Tu cuerpo está “programado” para sobrevivir en todo momento y para emplear el mínimo de esfuerzo para que sus funciones principales se ejecuten con normalidad.

En el momento que entra en un desequilibrio por mucha tensión, falta de alimentación o sueño, una entrada de virus, bacterias etc., una lesión o un dolor agudo, requiere de más energía e implicación por parte de sus elementos de defensa para luchar hasta que el desequilibrio vuelve a su normalidad.

Las clases “escucha tu cuerpo” te habilitan conectar con tu cuerpo por conocer diferentes zonas del cuerpo con sus cualidades, su movimiento y sus funciones principales. Además aumentan tu flexibilidad física y cómo consecuencia habilidad de actuación acorde a lo que necesitas.

A través de la respiración, el movimiento y la atención a repeticiones automáticas que te limitan o te dañan,  te ofrece diferentes maneras de poder deshacerte de ellas.

La asociación ADES tiene el objetivo de acercar a las personas la salud desde diferentes enfoques.

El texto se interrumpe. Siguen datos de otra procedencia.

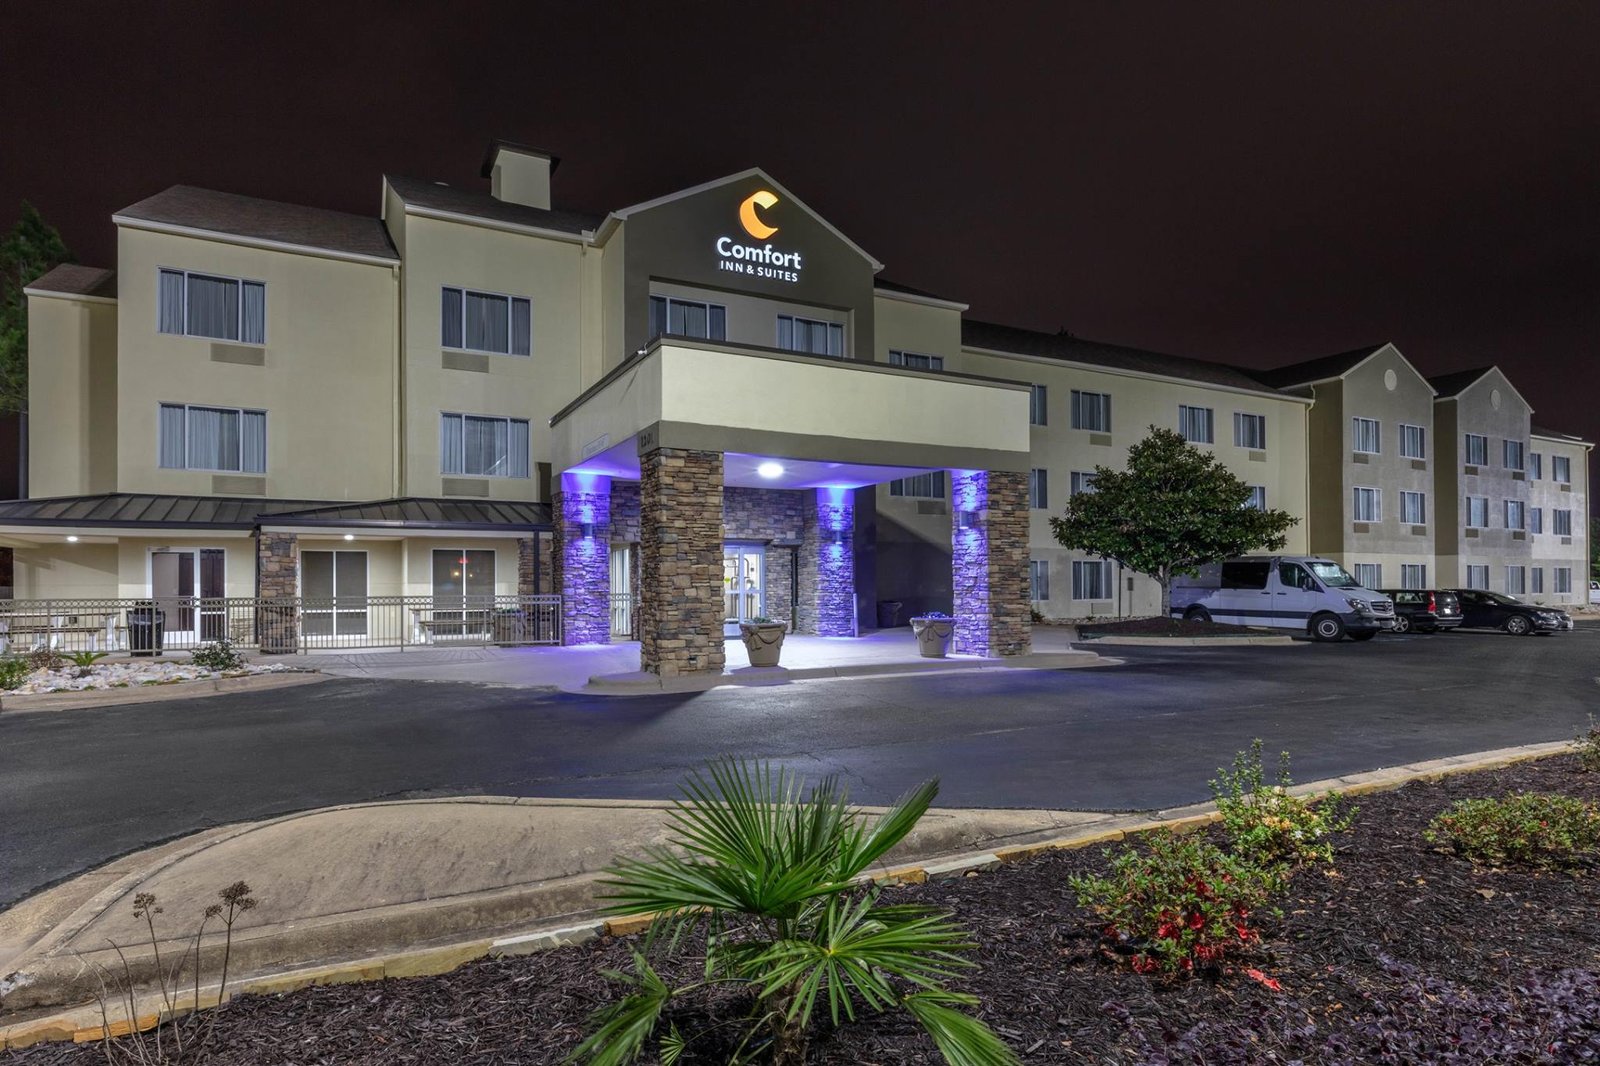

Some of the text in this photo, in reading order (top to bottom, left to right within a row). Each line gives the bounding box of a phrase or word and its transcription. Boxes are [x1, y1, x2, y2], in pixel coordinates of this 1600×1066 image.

[716, 236, 801, 269] Comfort
[720, 260, 798, 282] INN & SUITES
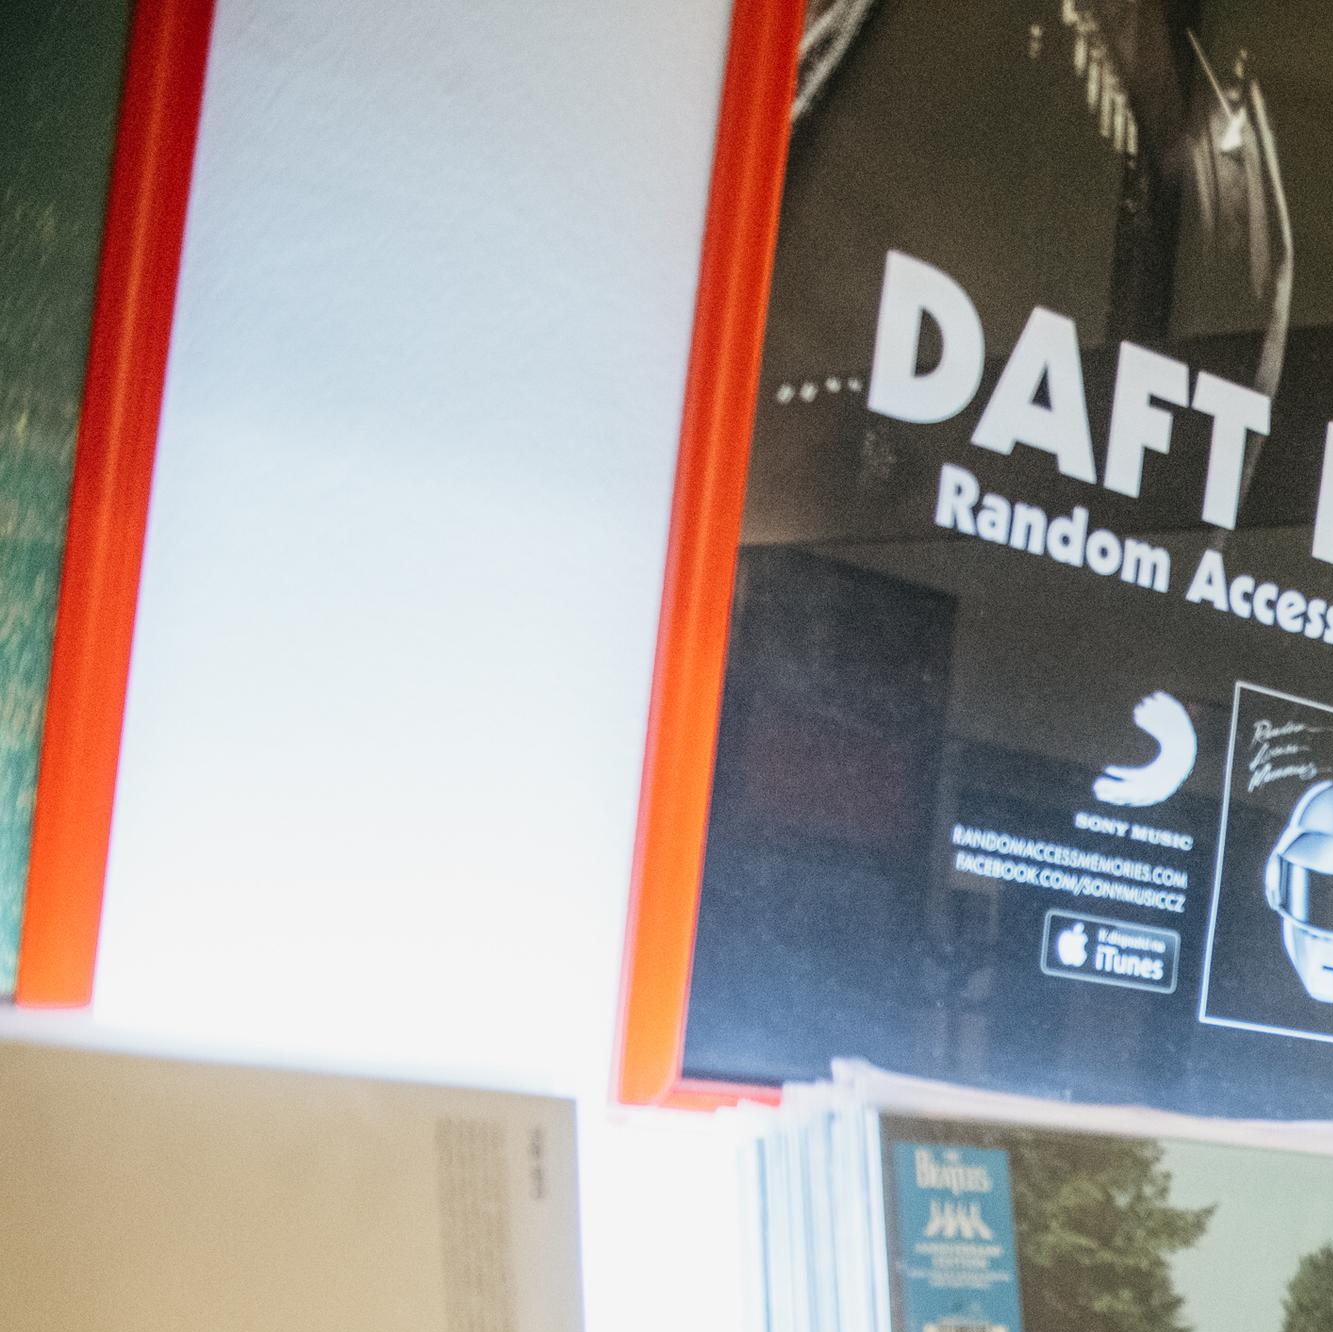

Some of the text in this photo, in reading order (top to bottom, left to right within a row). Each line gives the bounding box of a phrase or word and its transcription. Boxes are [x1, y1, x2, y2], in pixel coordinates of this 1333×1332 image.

[866, 250, 1271, 530] DAFT
[935, 463, 1170, 593] Random
[952, 823, 1189, 889] RANDOMACCESSMEMORIES.COM
[1074, 812, 1194, 851] SONY MUSIC
[1095, 944, 1165, 980] iTunes

Es la entrega de una “bolsa de recursos” de atención, de movimiento y de equilibrio personal. Cuando más recursos dominas, cuando más aseguras tu salud.

Es una mirada al cuerpo cómo contemplar una habitación desde diferentes perspectivas. Tú eres la habitación única con todas tus cualidades, objetos y habitantes. De tanto entrar y salir con los años, has dejado de mirarla con atención y cariño. En las clases te queremos volver a enseñar su amplitud, su espacio, sus rincones escondidos y hacer que te vuelvas a sentir a gusto como el primer día.

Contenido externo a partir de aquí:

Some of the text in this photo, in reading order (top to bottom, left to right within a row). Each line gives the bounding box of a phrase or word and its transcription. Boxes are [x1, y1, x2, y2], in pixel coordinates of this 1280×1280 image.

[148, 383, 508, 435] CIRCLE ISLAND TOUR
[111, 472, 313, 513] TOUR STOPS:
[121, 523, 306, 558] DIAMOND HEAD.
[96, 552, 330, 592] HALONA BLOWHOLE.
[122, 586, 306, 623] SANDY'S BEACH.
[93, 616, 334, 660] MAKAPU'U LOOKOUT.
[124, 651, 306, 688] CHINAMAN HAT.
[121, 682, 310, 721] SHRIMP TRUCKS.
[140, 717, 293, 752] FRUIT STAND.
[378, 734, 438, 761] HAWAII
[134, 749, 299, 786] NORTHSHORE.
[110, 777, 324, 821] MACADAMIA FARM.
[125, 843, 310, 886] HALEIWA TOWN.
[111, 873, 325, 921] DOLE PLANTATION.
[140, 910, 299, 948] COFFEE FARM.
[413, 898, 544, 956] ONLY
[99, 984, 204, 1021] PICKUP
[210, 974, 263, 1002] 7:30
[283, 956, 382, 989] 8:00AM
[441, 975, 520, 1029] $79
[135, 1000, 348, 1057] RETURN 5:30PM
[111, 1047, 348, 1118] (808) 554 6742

Y además cuando entrenas en grupo con la atención de los profesores, que se adaptan a las características de cada habitación, puedes sentirte acompañad@, porque cada un@ está en una situación parecida de aprendizaje. El intercambio de experiencias con respeto, aumenta también tu bolsa de recursos y te da el espacio para un progreso paso a paso. Esto te refuerza, te recuerda la habilidad de bienestar en cada momento parecido a una sonrisa. Y esta sonrisa contagia a otros en tu entorno.